Circuit de Calafat
- Full Circuit (1990–present)
- Location: L'Ametlla de Mar, Catalonia, Spain
- Coordinates: 40°56′2″N 0°50′30″E﻿ / ﻿40.93389°N 0.84167°E
- Opened: 29 September 1974; 51 years ago
- Architect: Jordi Xiol
- Website: https://circuitcalafat.com/

Full Circuit (1990–present)
- Length: 3.250 km (2.019 mi)
- Turns: 19

Original Circuit (1974–1989)
- Length: 2.496 km (1.551 mi)
- Turns: 14

= Circuit de Calafat =

The Circuit Calafat was built in 1974 outside the town of the same name in the L'Ametlla de Mar in Catalonia. Private finance paid by the company Calafat, S.A., which cost a total of 30 million pesetas (US$210,716.05). Fans made their own contribution, purchasing shares in the facility worth a total of 25,000 pesetas.

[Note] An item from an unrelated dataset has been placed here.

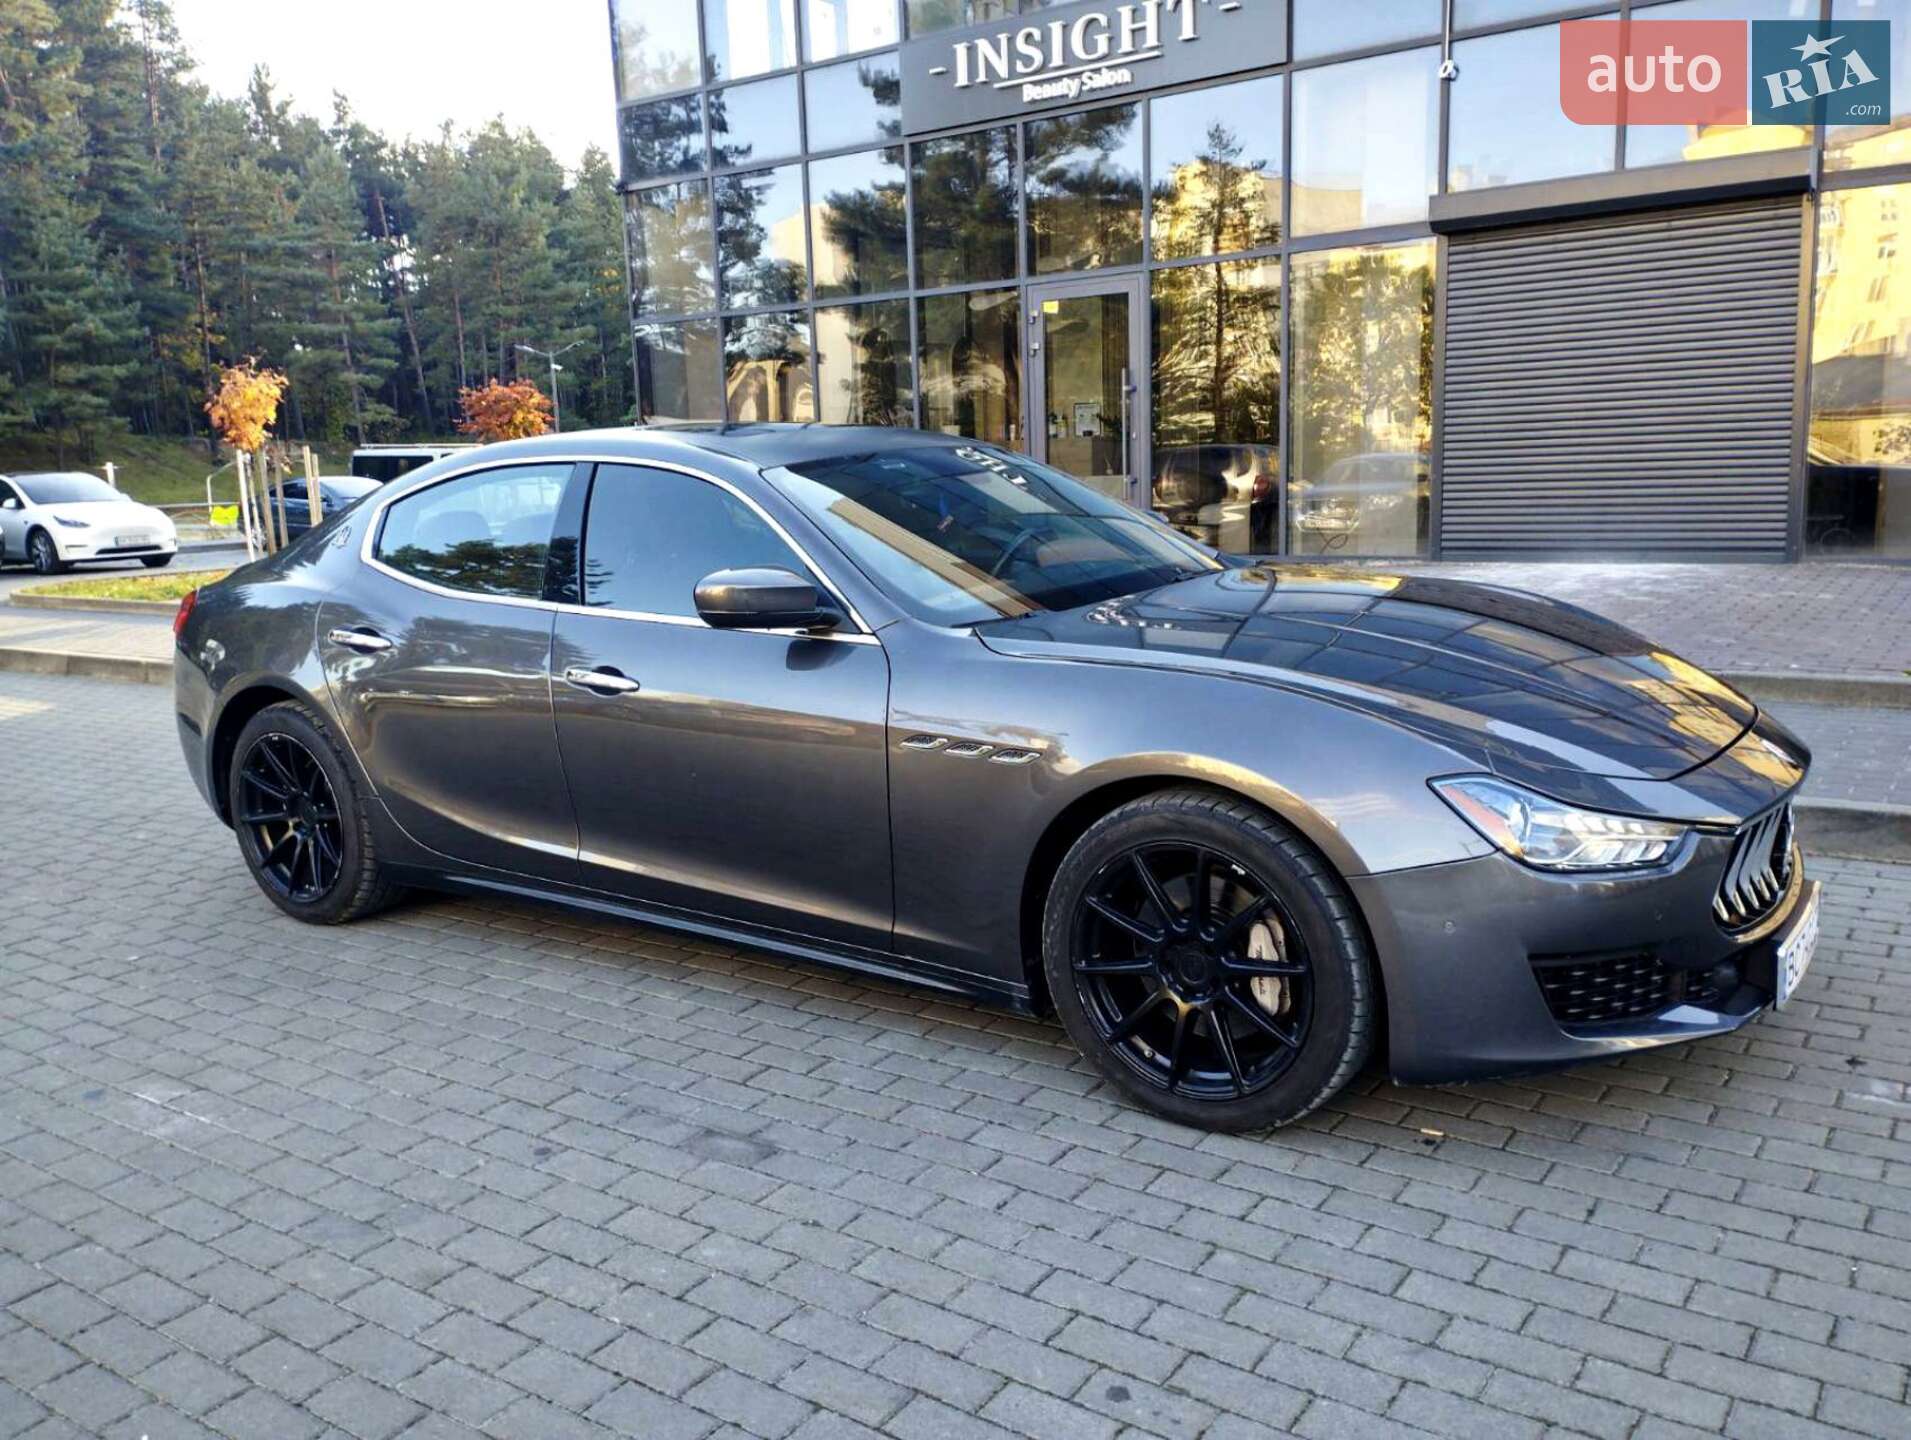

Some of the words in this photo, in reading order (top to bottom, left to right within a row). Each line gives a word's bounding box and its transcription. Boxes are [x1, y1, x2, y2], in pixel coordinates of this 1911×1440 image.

[953, 0, 1208, 87] INSIGHT
[1022, 78, 1080, 102] Beauty
[1080, 67, 1133, 91] Salon

The track closed temporarily during 1982 and 1985 because of legal problems but soon recovered. In 1990 an extension to the circuit was constructed, bringing it up to its current 3.250 km length. On 2008 an investment plan to update the installations and security of the track started, thus in 2012 the circuit received the homologation from the Catalan Motorcycle federation.

In 2015 the circuit has been the destination for first tests of NextEV by TCR for the 2015/2016 Formula E Championship. Spanish driver Antonio García participated in the test.

In 2023 the circuit was used by David Beckmann to test Porsche Formula E Team's Porsche 99X Electric.